By Simon Woodhead
This is in early alpha which means we will break it, there are bugs, but we’d really appreciate you playing with it and giving us feedback.
So, currently, for outbound traffic we give you distinct hostnames for each of our availability zones, and do the same for our Registration Proxies. We routinely modify DNS to move traffic around maintenance etc. but, as was highlighted with our new stack migration, some customers either ignore the hostnames and force traffic to specific IP addresses, or have useragents which cache DNS until restarted. Neither is desirable.
Furthermore, the decision as to which availability zone to send traffic to is left in the hands of either us (for global DNS names) or you, for the regional availability zone specific names. This selection doesn’t always follow sound logic and we’ve had instances of customers forcing traffic across one availability zone to reach another that, presumably, they assume will be quieter.

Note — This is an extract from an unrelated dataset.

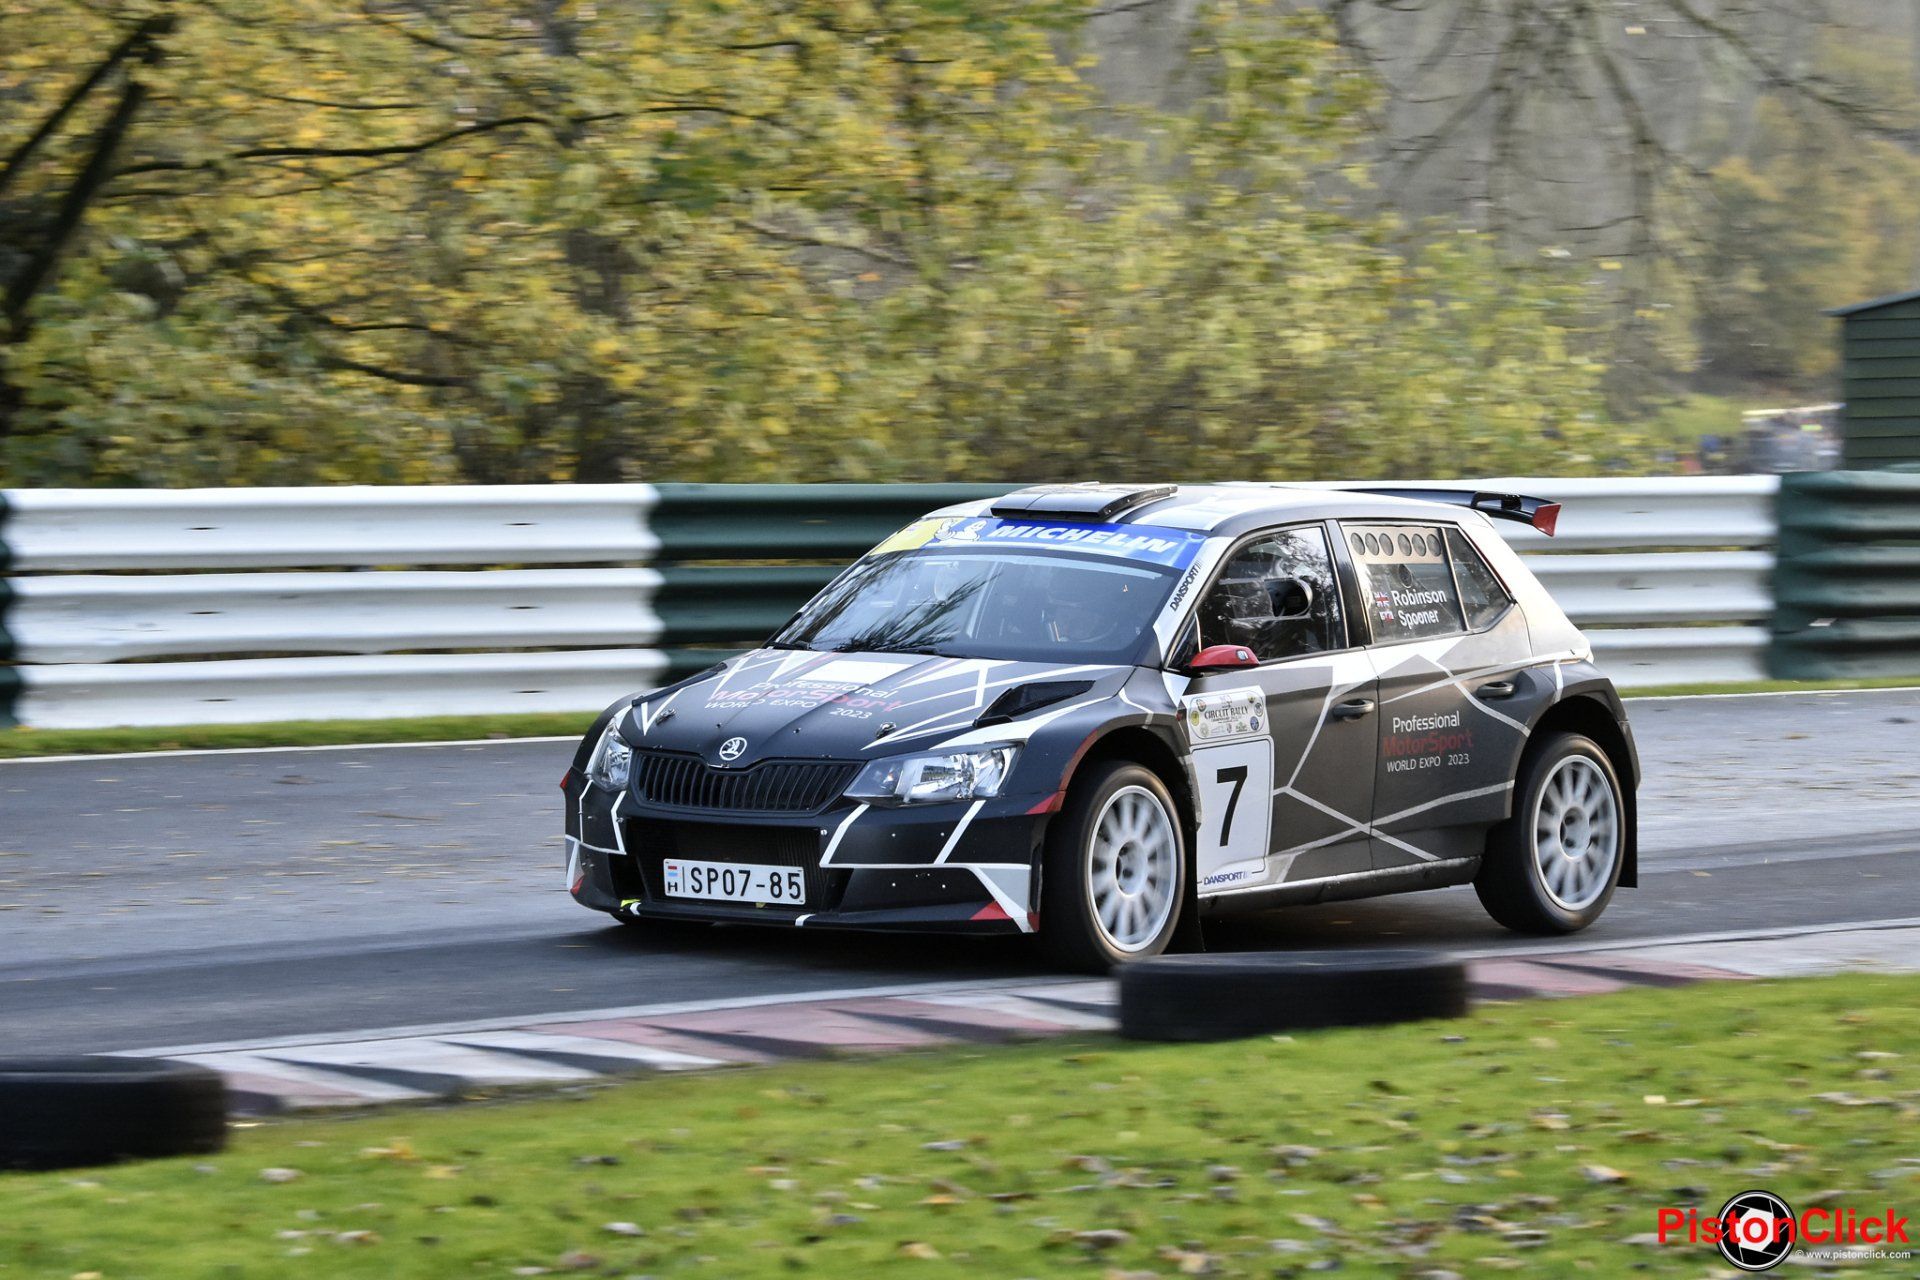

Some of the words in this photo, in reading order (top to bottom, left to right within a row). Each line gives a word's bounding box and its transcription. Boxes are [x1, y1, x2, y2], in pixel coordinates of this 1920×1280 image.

In an ideal world, therefore, we want one global hostname, mapped to a single IP address that never needs to change – so it doesn’t matter if people force the use of the IP address. That address should exist in every availability zone, and traffic should hit the one that is closest. That decision should be dynamic and seamlessly handle availability zones, servers, or services coming and going. It should also be dynamic such that as network conditions change, or as nomadic users step off planes, they hit the best (closest available) node for service at that time. As a focal point for attacks, it should also be very resistant, and leverage the network to spread load across many many instances, rather than the typical single ‘active’ node. Naturally, because we vehemently disagree with the suggestion that ‘encryption is pointless‘, it should fully support encryption of signalling and not get in the way of media encryption.
We believe this is what we’ve put into alpha release today! It builds on the massive work we’ve put into anycast in 2017 and have presented on throughout the year. As we mentioned in those talks, we started from the inside out with this and are now ready to leverage it at the SIP layer.
The host any.simwood.com can be used in place of outbound proxies for normal IP authenticated or credential based trunks, or indeed as an endpoint to REGISTER to for our Registration Proxy. It supports udp/5060, tcp/5060, and tls/5061 although we continue to strongly recommend TCP or TLS, and do not support UDP for SIP Registration.
We’re very excited to hear your feedback.